### WHAT IS NEEDED
Transcribe each record exactly; skip any picture.

(Text-to-region grounding data)
───

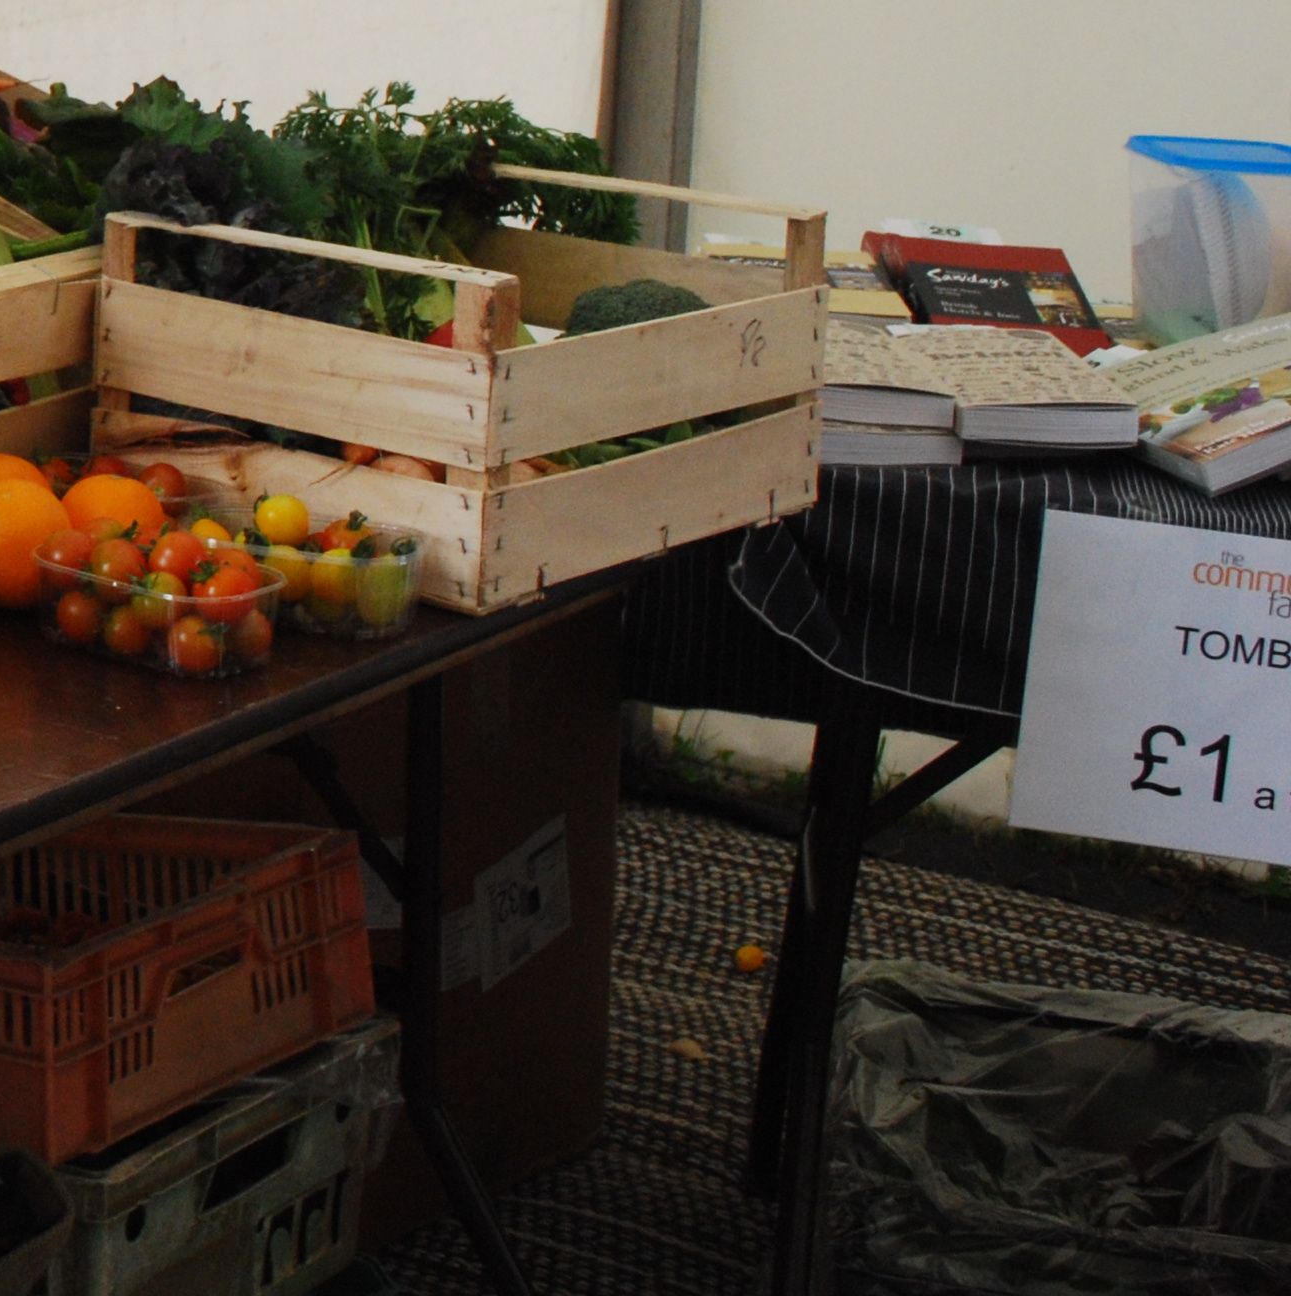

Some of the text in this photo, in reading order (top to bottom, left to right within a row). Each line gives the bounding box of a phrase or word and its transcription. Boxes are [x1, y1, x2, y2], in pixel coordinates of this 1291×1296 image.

[929, 225, 962, 238] 20
[926, 267, 1010, 289] Sawday's
[1221, 550, 1245, 567] the
[1174, 625, 1291, 670] TOMB
[1130, 724, 1276, 811] £1 a
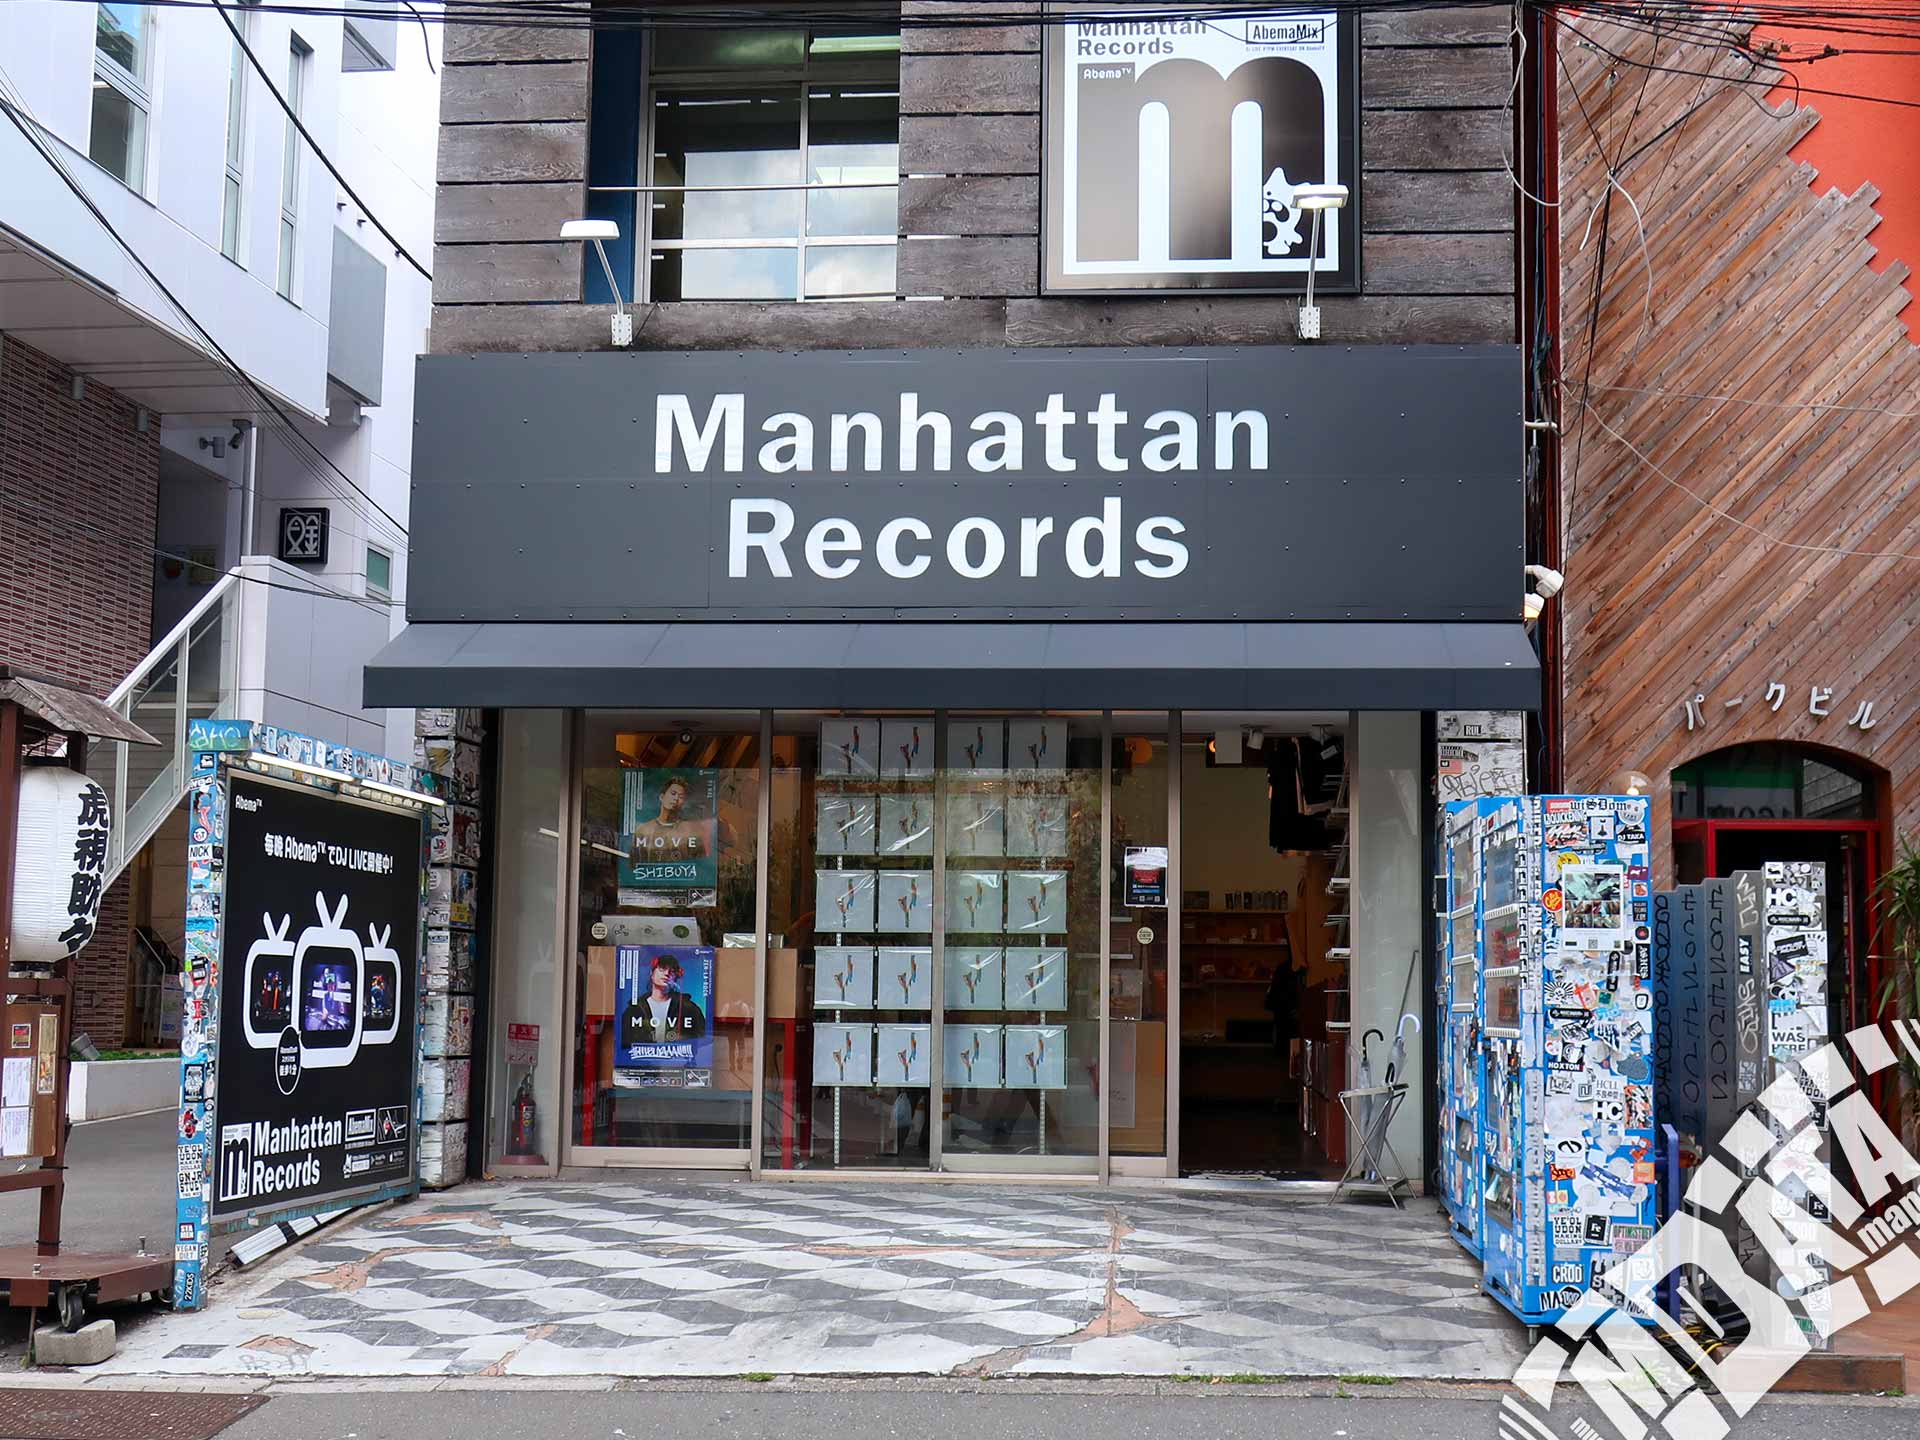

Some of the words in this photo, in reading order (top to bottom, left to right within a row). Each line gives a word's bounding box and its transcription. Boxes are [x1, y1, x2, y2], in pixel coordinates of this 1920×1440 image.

───

### WRITTEN ANSWER
Some of the text in this photo, in reading order (top to bottom, left to right within a row). Each line gives the bounding box of a phrase or word and its transcription. Boxes are [x1, y1, x2, y2], in pixel coordinates of this 1291×1296 image.

[929, 225, 962, 238] 20
[926, 267, 1010, 289] Sawday's
[1221, 550, 1245, 567] the
[1174, 625, 1291, 670] TOMB
[1130, 724, 1276, 811] £1 a

Some of the words in this photo, in reading order (top to bottom, left to right within a row). Each line gives a word's bounding box and its transcription. Boxes are [x1, y1, x2, y2], in pixel coordinates of this 1920×1440 image.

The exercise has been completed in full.